[GIVEN INFORMATION]

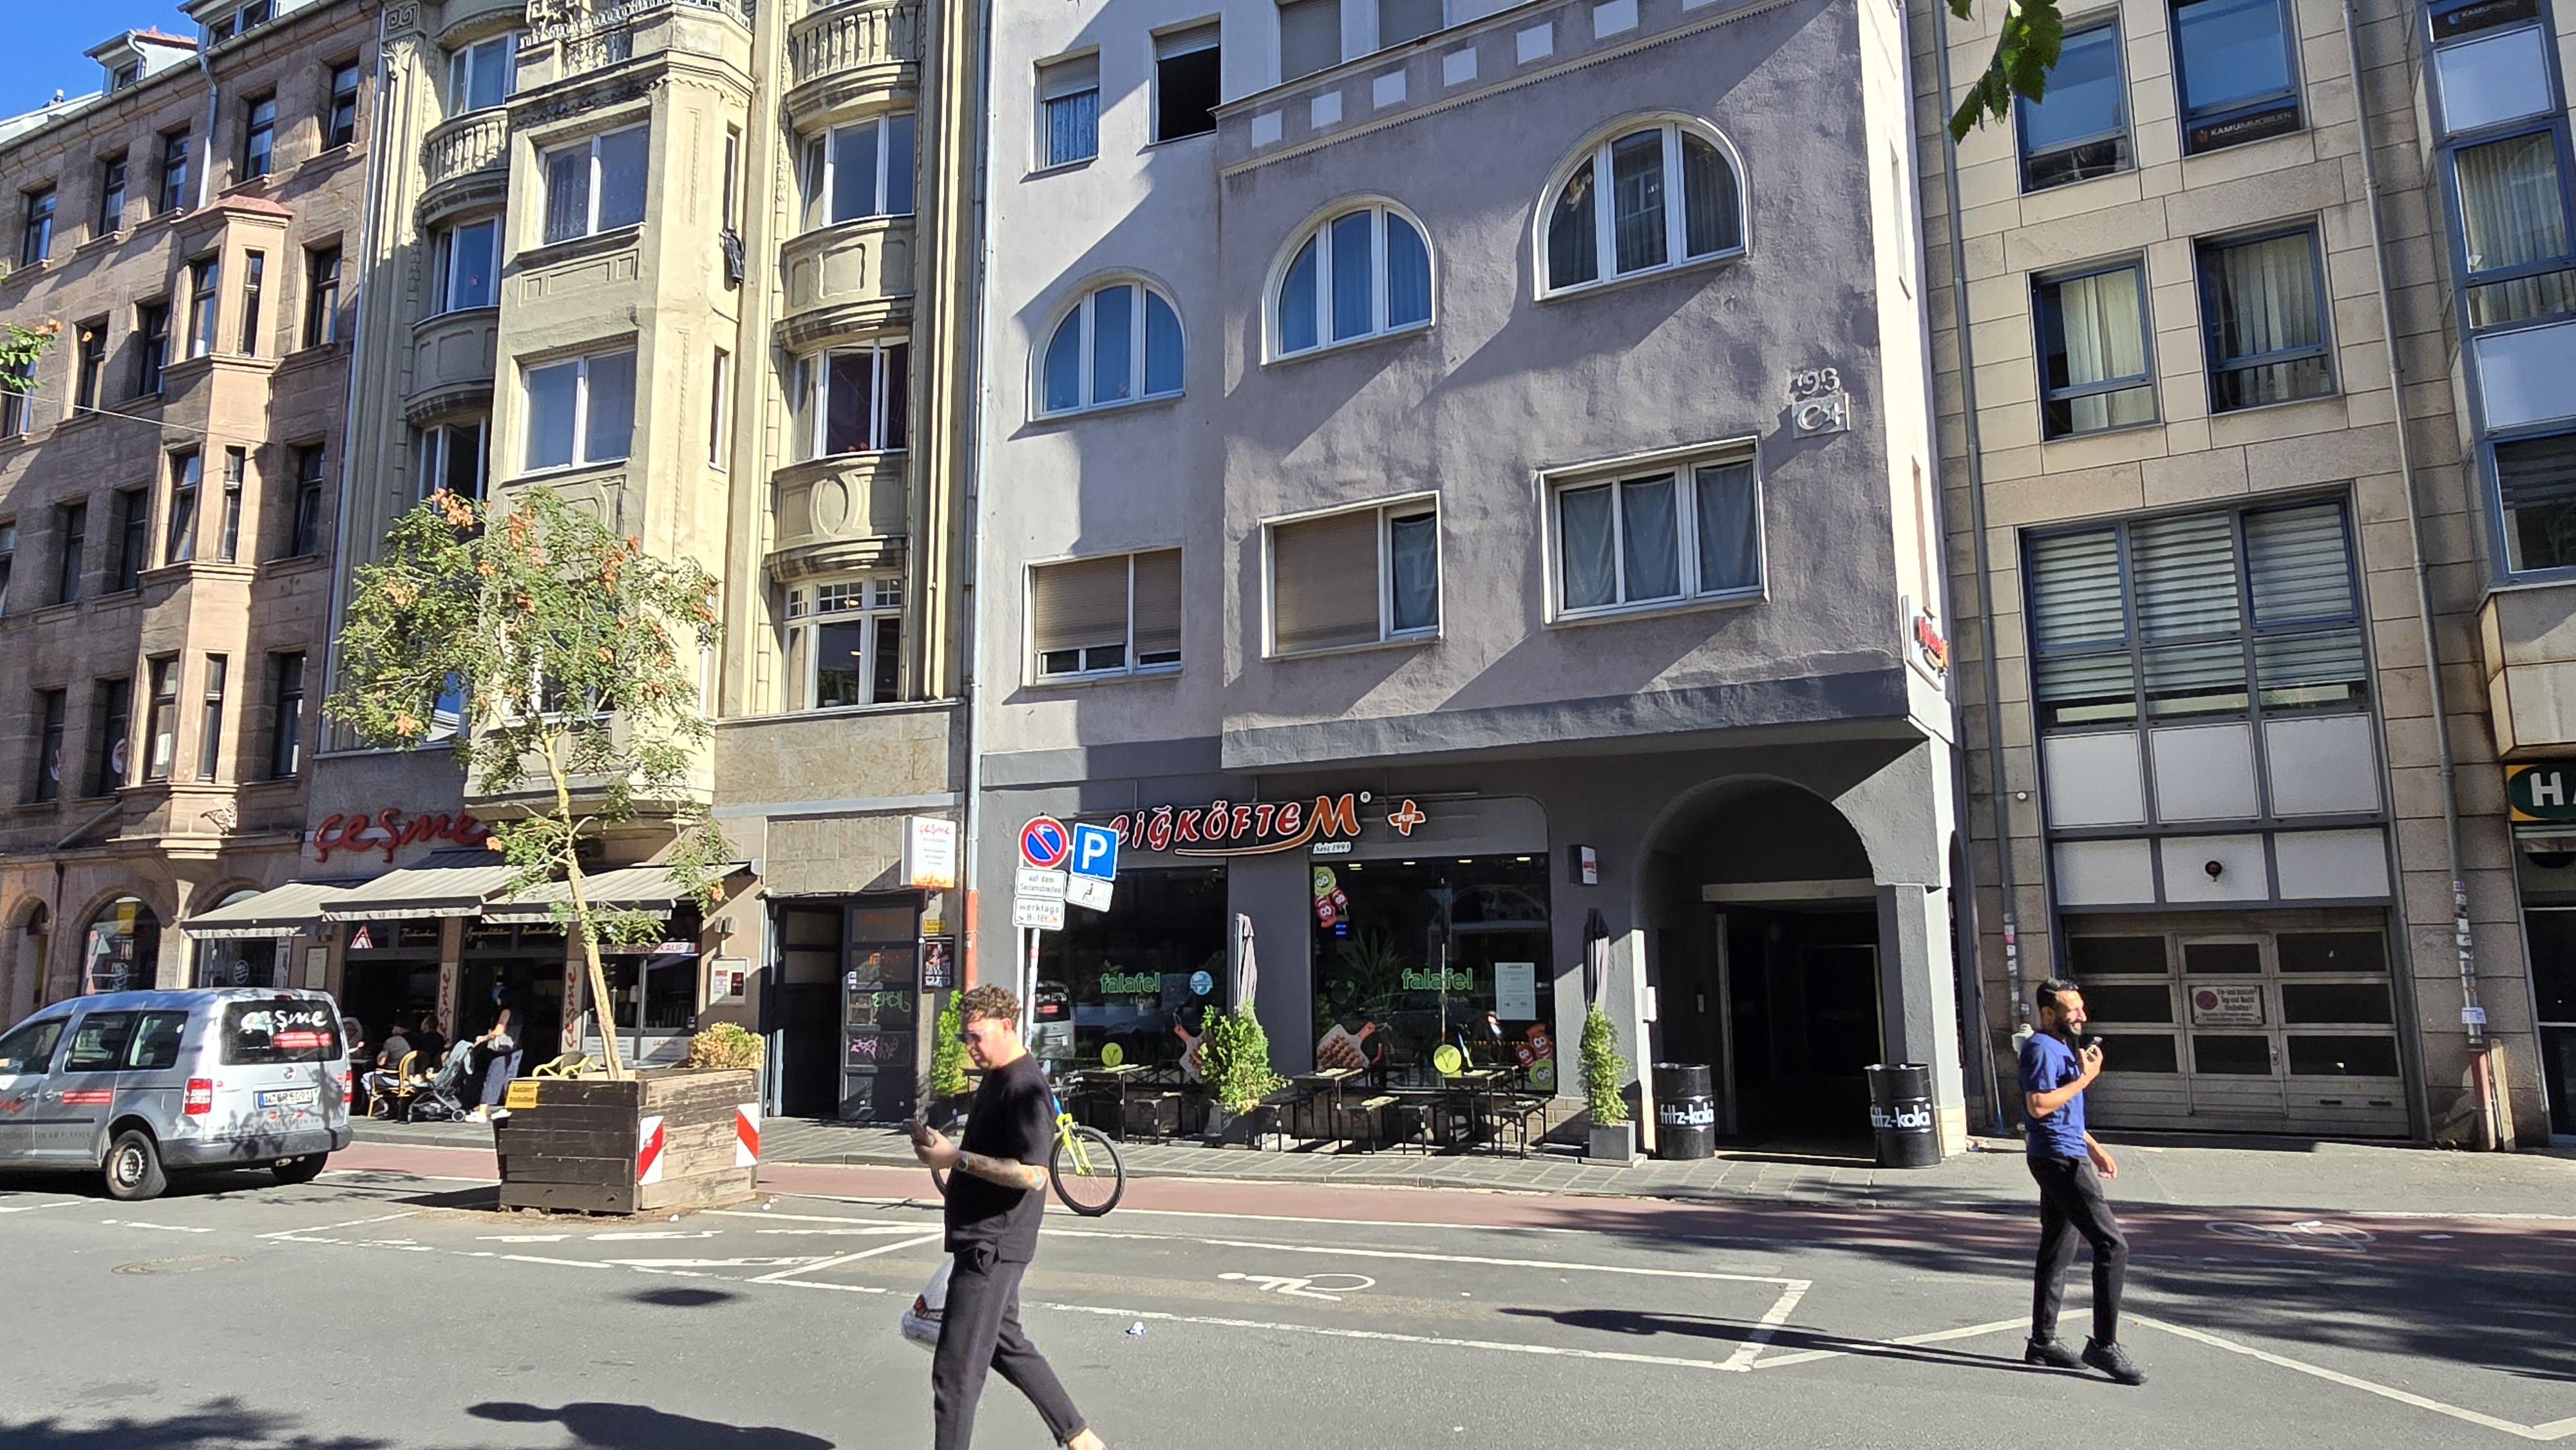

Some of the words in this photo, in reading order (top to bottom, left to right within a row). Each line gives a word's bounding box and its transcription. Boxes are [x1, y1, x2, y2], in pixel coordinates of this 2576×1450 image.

[2530, 772, 2576, 806] H
[1082, 832, 1108, 869] P
[1100, 972, 1160, 993] falafel
[1401, 968, 1473, 990] falafel
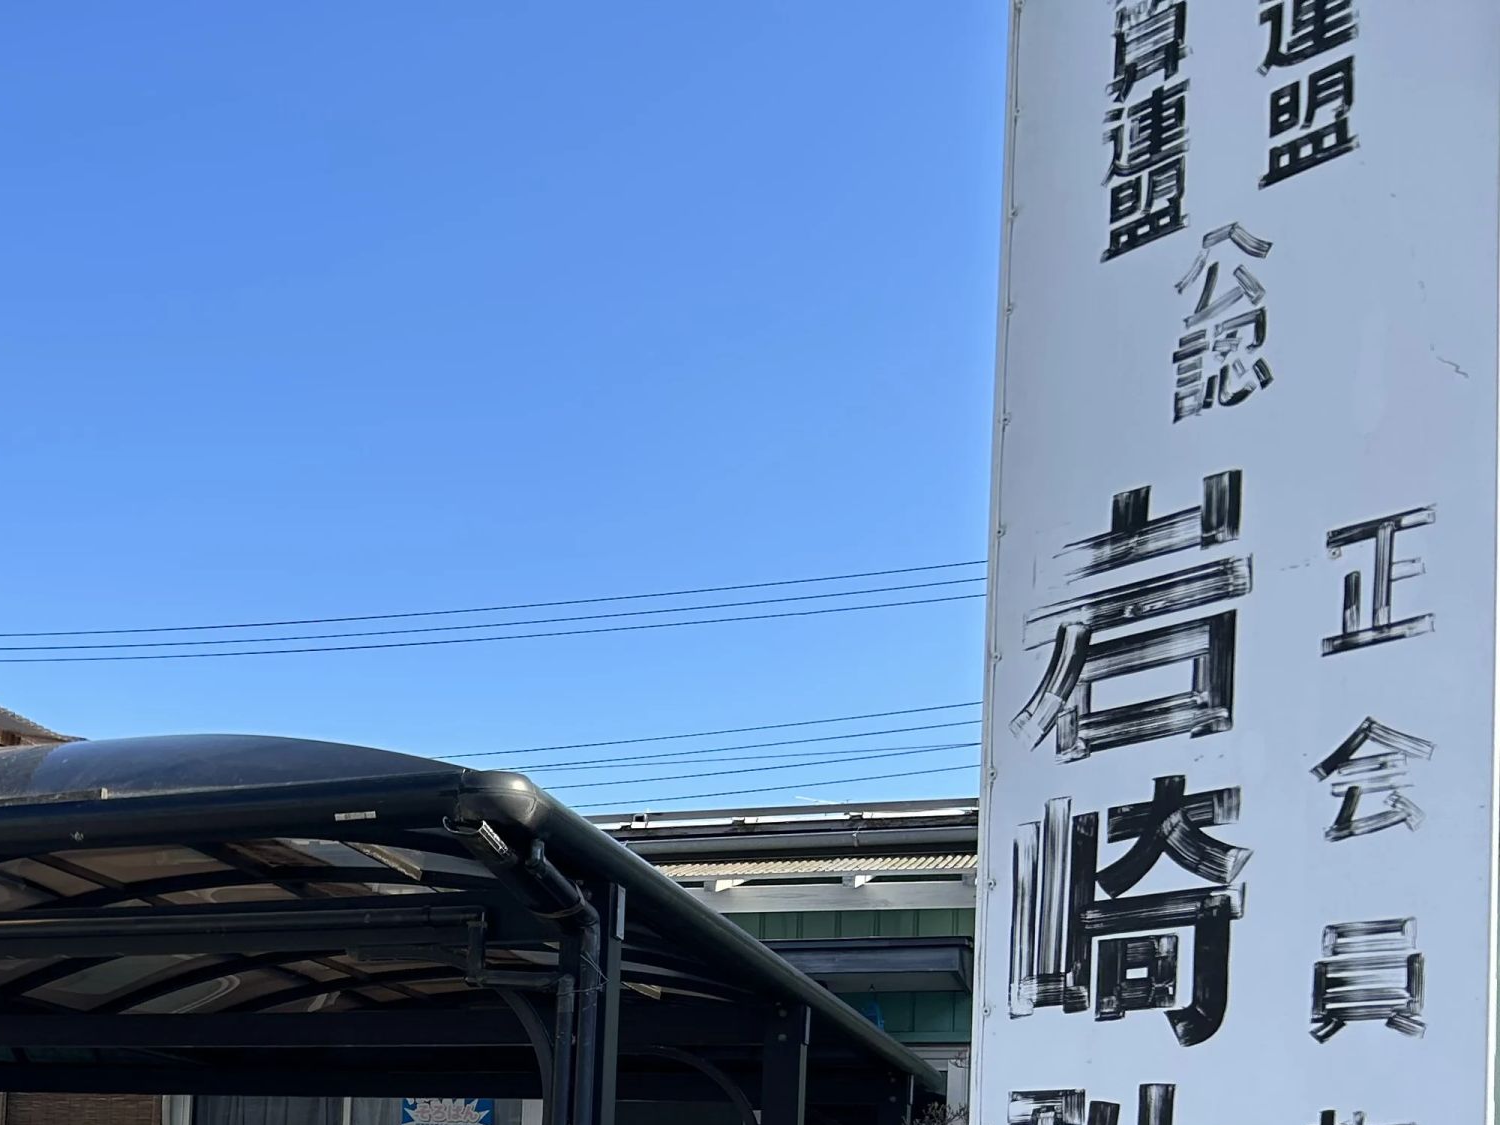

[/GIVEN INFORMATION]

(ACTION ITEM):
Could you retype every line above exactly as it appears, skipping the pictures?

(RESPONSE):
Some of the words in this photo, in reading order (top to bottom, left to right within a row). Each line gives a word's bounding box and its transcription. Boxes are [x1, y1, x2, y2], in pixel coordinates of this 2576×1450 image.

[2530, 772, 2576, 806] H
[1082, 832, 1108, 869] P
[1100, 972, 1160, 993] falafel
[1401, 968, 1473, 990] falafel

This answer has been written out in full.